RECORDS FOR THE TASK
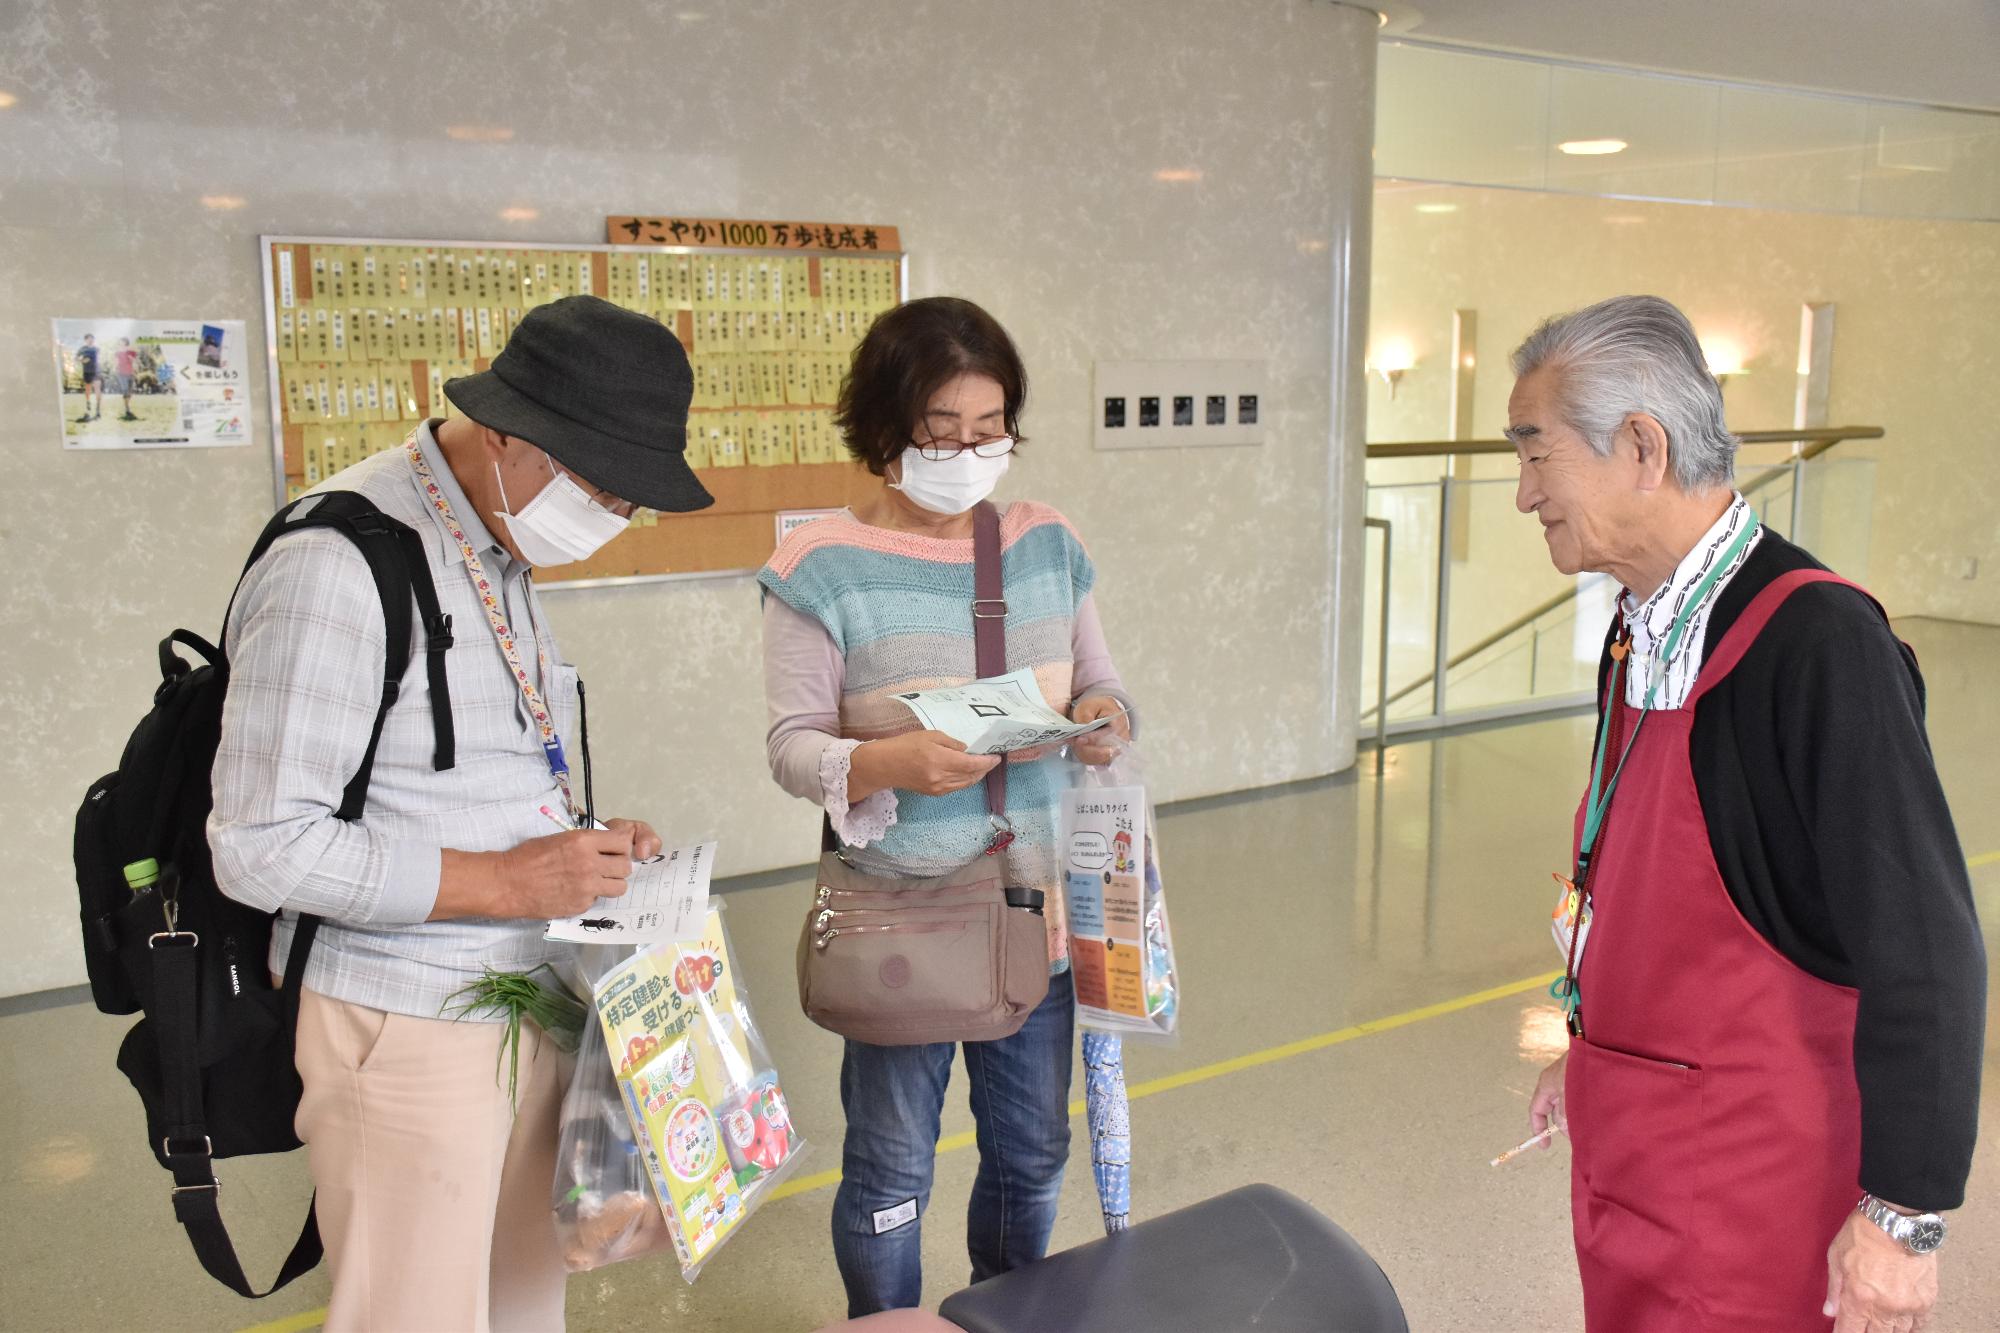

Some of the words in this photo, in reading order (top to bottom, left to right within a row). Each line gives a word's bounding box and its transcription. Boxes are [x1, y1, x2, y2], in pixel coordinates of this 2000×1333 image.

[621, 217, 878, 249] すこやか1000万歩達成者
[230, 964, 241, 995] KANGOL
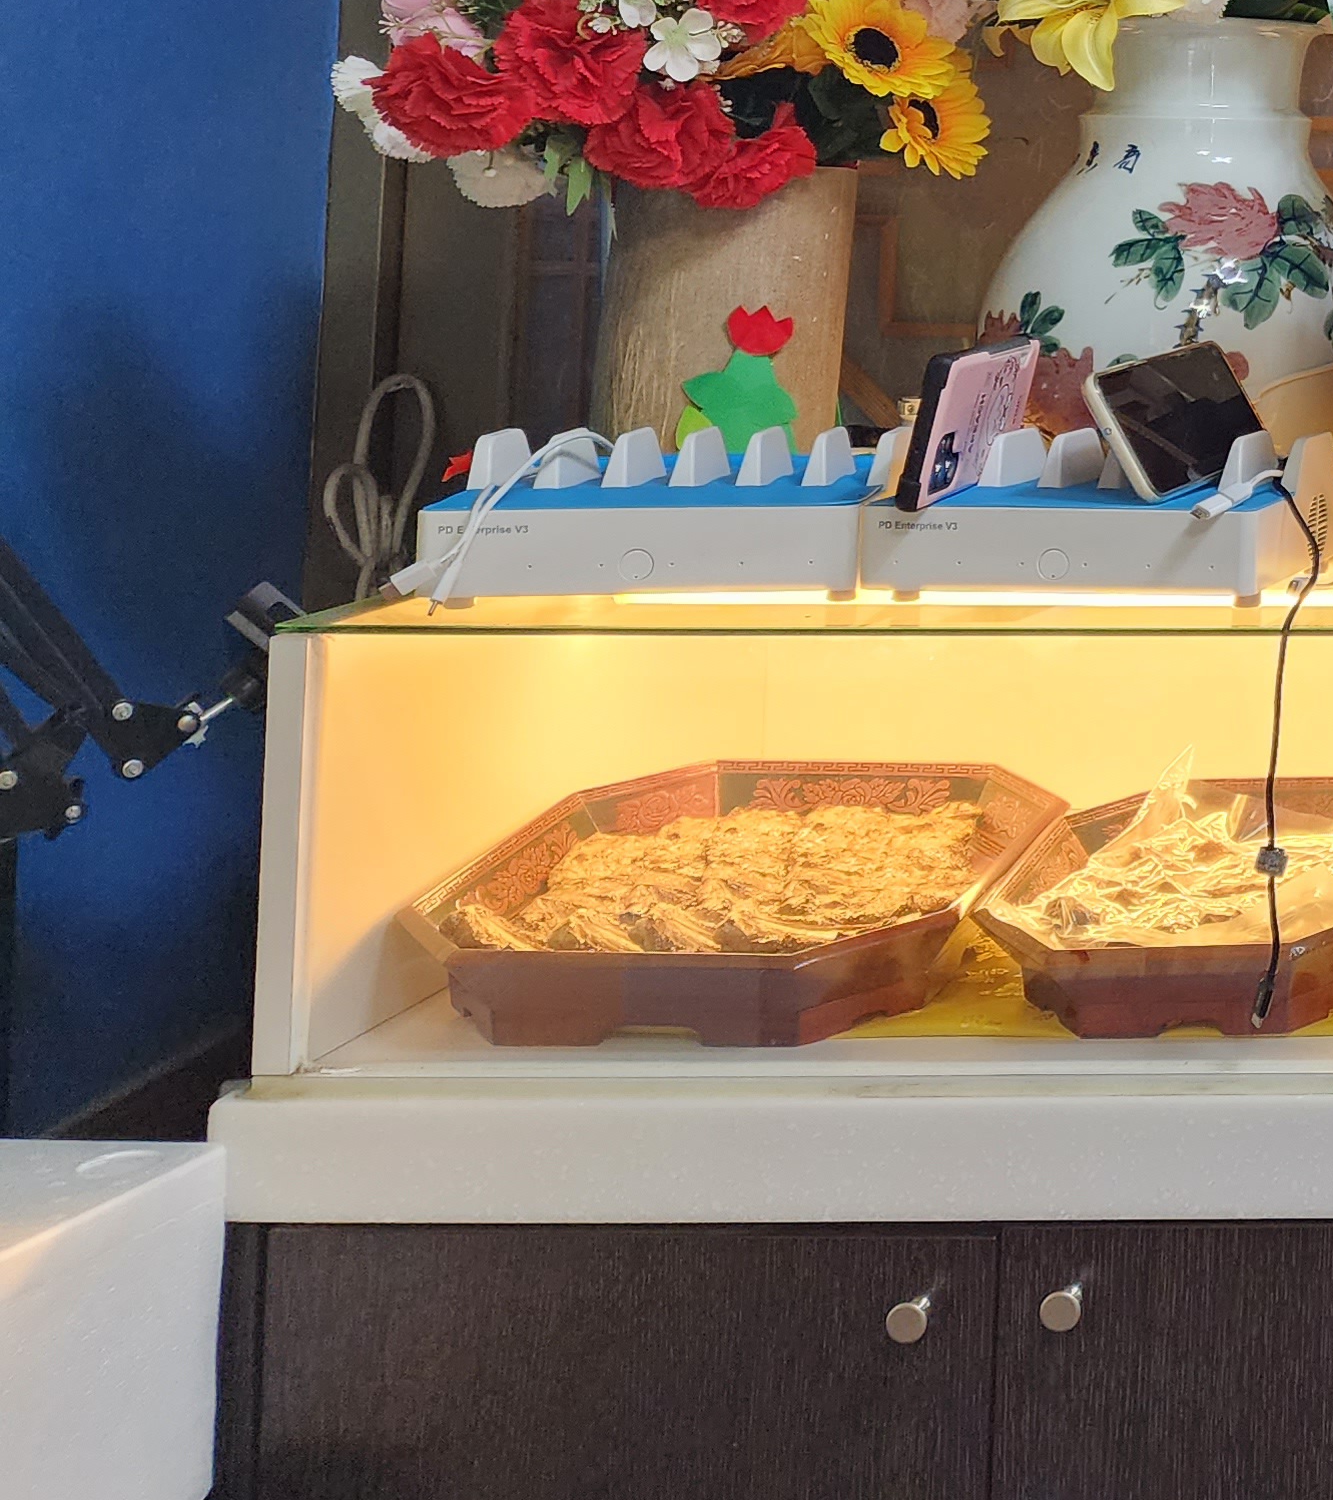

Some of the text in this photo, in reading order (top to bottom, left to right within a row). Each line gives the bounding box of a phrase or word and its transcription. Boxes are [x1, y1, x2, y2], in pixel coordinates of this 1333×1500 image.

[438, 525, 529, 535] PD Erprise V3
[879, 521, 958, 531] PD Enterprise V3
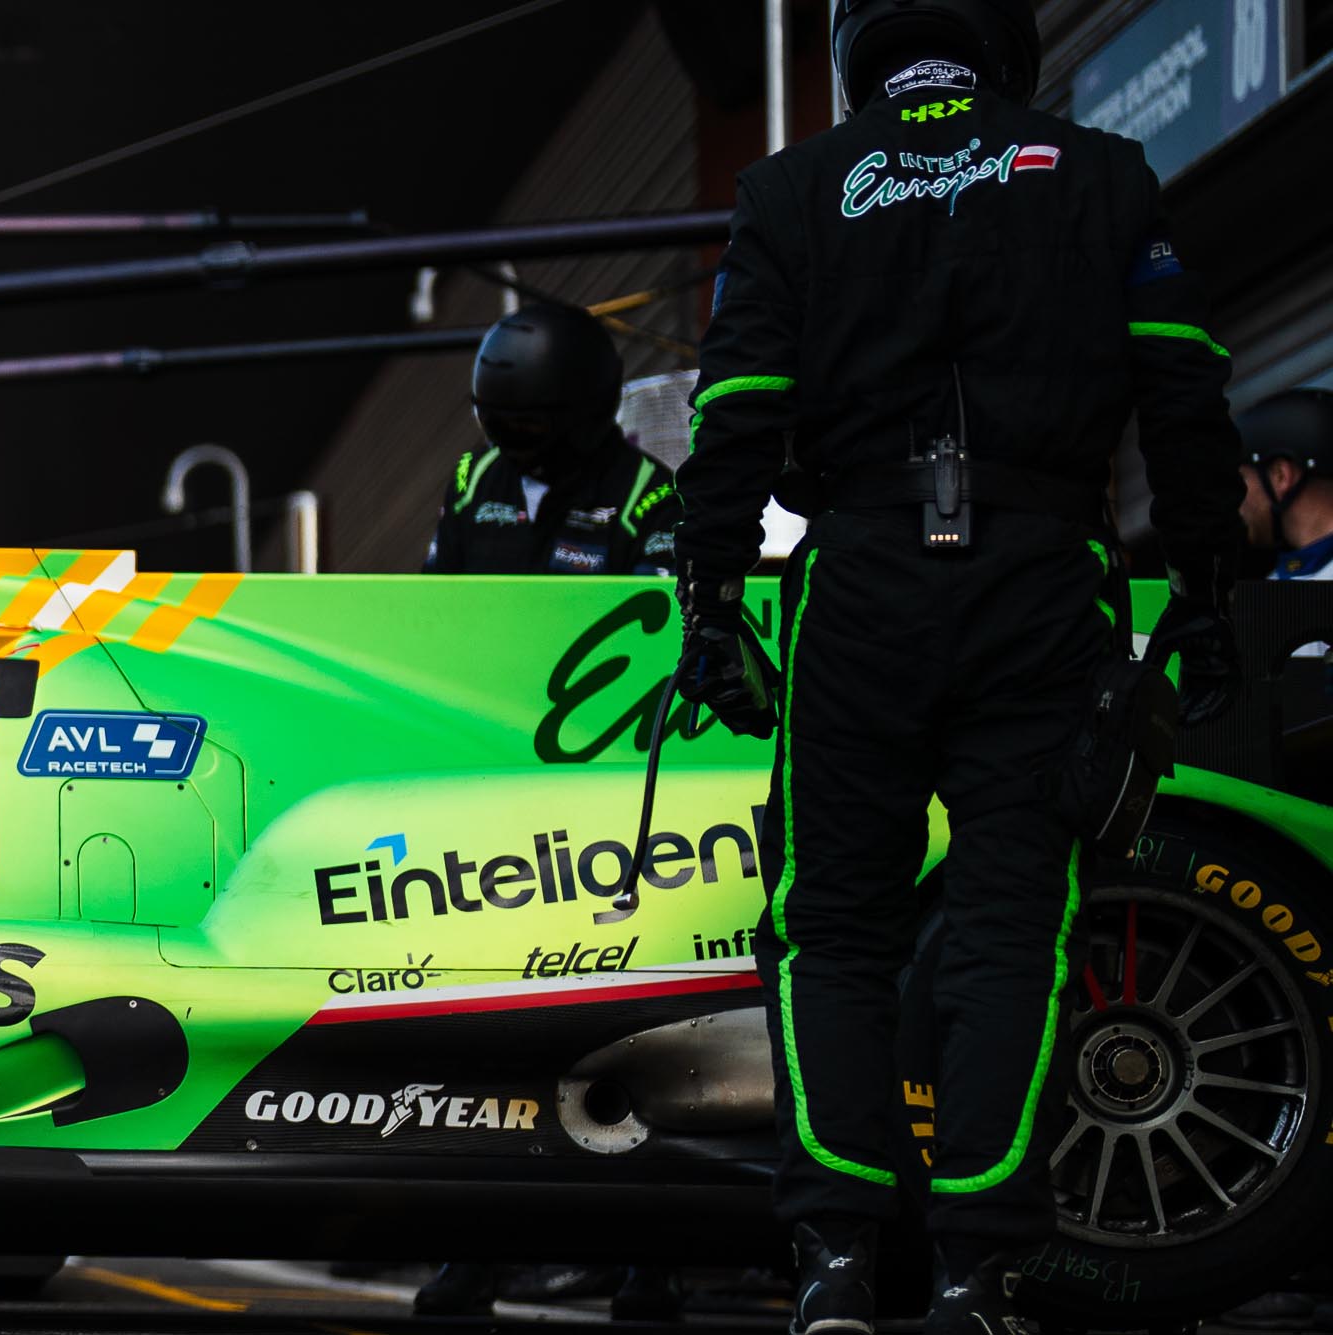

WHAT IS NEEDED
What's needed is an exact retyping of the records, pictures excluded.

REPLY
Some of the words in this photo, in reading order (top to bottom, left to right within a row). Each line gives a word's bounding box and its transcription. Boxes are [x1, y1, x2, y2], in pixel coordinates of this 2000×1333 image.

[621, 217, 878, 249] すこやか1000万歩達成者
[230, 964, 241, 995] KANGOL

Some of the text in this photo, in reading order (top to bottom, left to right within a row). Each line gives the bounding box of a phrase or word and its transcription. Boxes are [x1, y1, x2, y2], in pixel coordinates of this 1333×1500 image.

[438, 525, 529, 535] PD Erprise V3
[879, 521, 958, 531] PD Enterprise V3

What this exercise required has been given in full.